Criminal Confections
Page 3
Winning was not quite as easy as I’d first anticipated.
For one thing, the items we were meant to scavenger hunt had been placed all over the resort’s expansive grounds, so it was a trek to find them in my unwelcome fancy flats. For another, some items were actually tests to be passed rather than objects to be found, which was kind of a letdown for a competitive type like me. For another, the other teams took a quick lead, since they weren’t hampered by Bernard and Isabel’s habit of ducking behind leafy trees and beside flower beds of geraniums to make out.
Dispirited but not defeated, I rallied my team and kept going. At each station (identified by the gauzy tents I mentioned before), Lemaître employees waited with chocolate samples and on-the-spot quizzes. Ostensibly, the only trick was acing the quizzes and collecting the rewards: embossed gold foil stickers, which were placed on a bingo-style scorecard.
The team with the most stickers won the scavenger hunt. As a PR stunt for Lemaître, it was effective. As an in-person alfresco advertisement for the company, it excelled. As a fun and challenging icebreaker activity . . . it was not the best.

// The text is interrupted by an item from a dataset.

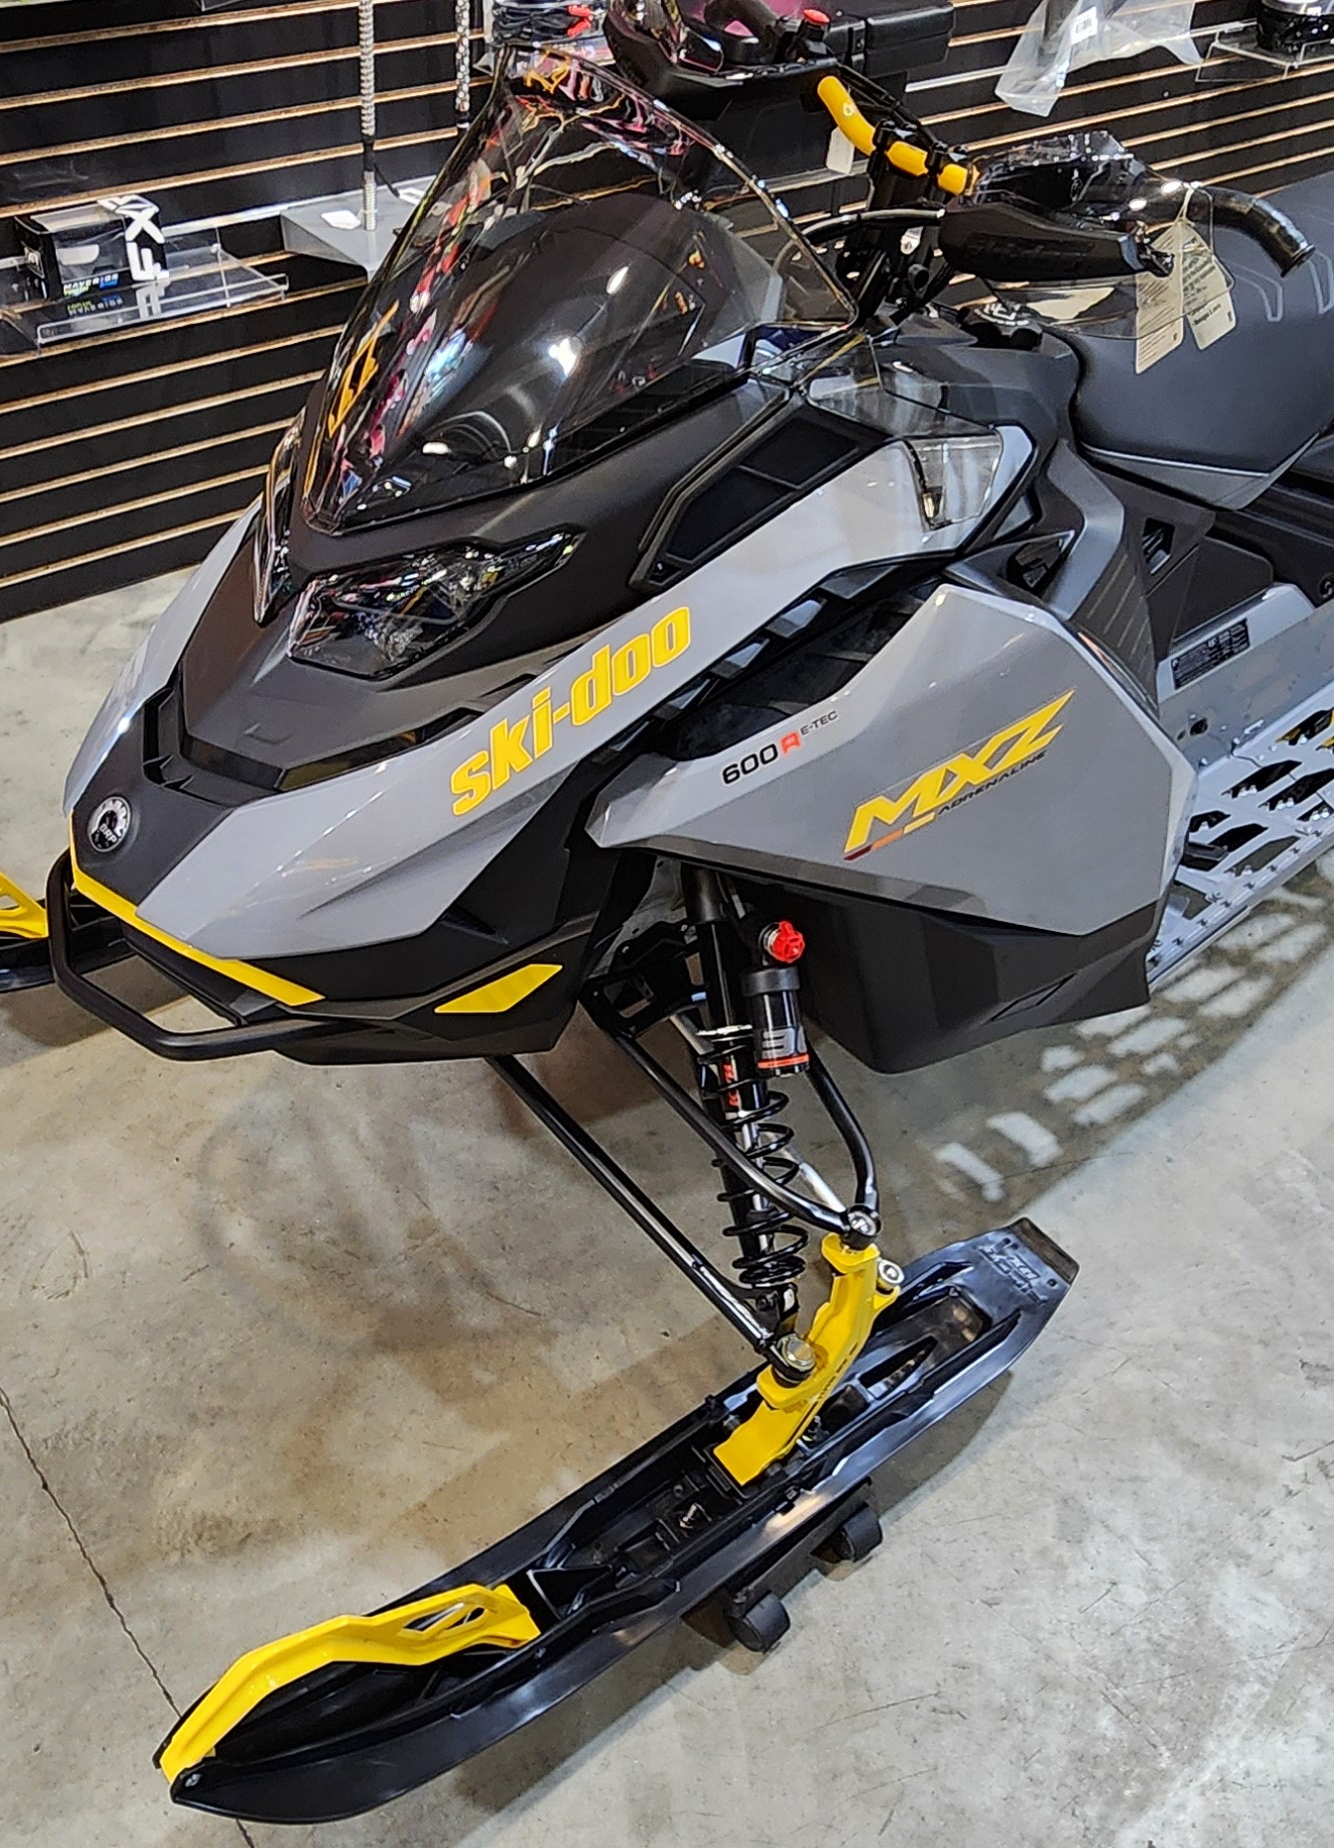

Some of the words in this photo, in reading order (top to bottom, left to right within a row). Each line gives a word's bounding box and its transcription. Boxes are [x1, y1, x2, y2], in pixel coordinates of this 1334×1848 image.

[450, 606, 691, 817] ski-doo
[800, 710, 839, 736] E-TEC
[844, 686, 1077, 855] MXZ
[938, 750, 1048, 816] ADRENALINE

The trouble was, the quizzes were too easy. They didn’t have the intricacy to inspire much conversation or strategizing, so all the teams whipped through them with lightning speed.

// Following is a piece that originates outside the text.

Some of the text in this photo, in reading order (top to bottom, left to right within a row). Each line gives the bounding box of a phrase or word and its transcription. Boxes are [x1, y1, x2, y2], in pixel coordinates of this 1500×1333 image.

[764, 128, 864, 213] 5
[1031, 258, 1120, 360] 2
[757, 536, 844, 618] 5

I’d expected to be doing something like differentiating a Tanzanian single-varietal cacao bean from a premium Grand Cru blend, or picking out the essence of a single-bean 73 percent Côte d’Ivoire cacao from the bite of an arabica coffee bean after it had been brewed into a creamy café mocha. Instead, the “challenges” asked me to identify milk chocolate from dark, explain what white chocolate consisted of, and identify the original recipe for Toll House Chocolate Chip Cookies.
At that station, I peered at the artificially antiqued recipe cards laid out near a tray of cookies. I pointed. “This one. Ruth Wakefield’s original recipe for Toll House Chocolate Crunch Cookies called for baking soda dissolved in hot water.”
“Yes!” Beaming, the Lemaître employee gave me a sticker.
I pasted it on my scorecard—which now looked like a shiny gold flyer for Lemaître chocolates, because the stickers all bore the company’s familiar embossed logo—and hastily moved on. It took a while for me to corral Bernard and Isabel after each station, but by this point, that wasn’t a big deal. The other competitors were starting to get bogged down with tasting all the chocolate samples. Team Orange was actually in the lead.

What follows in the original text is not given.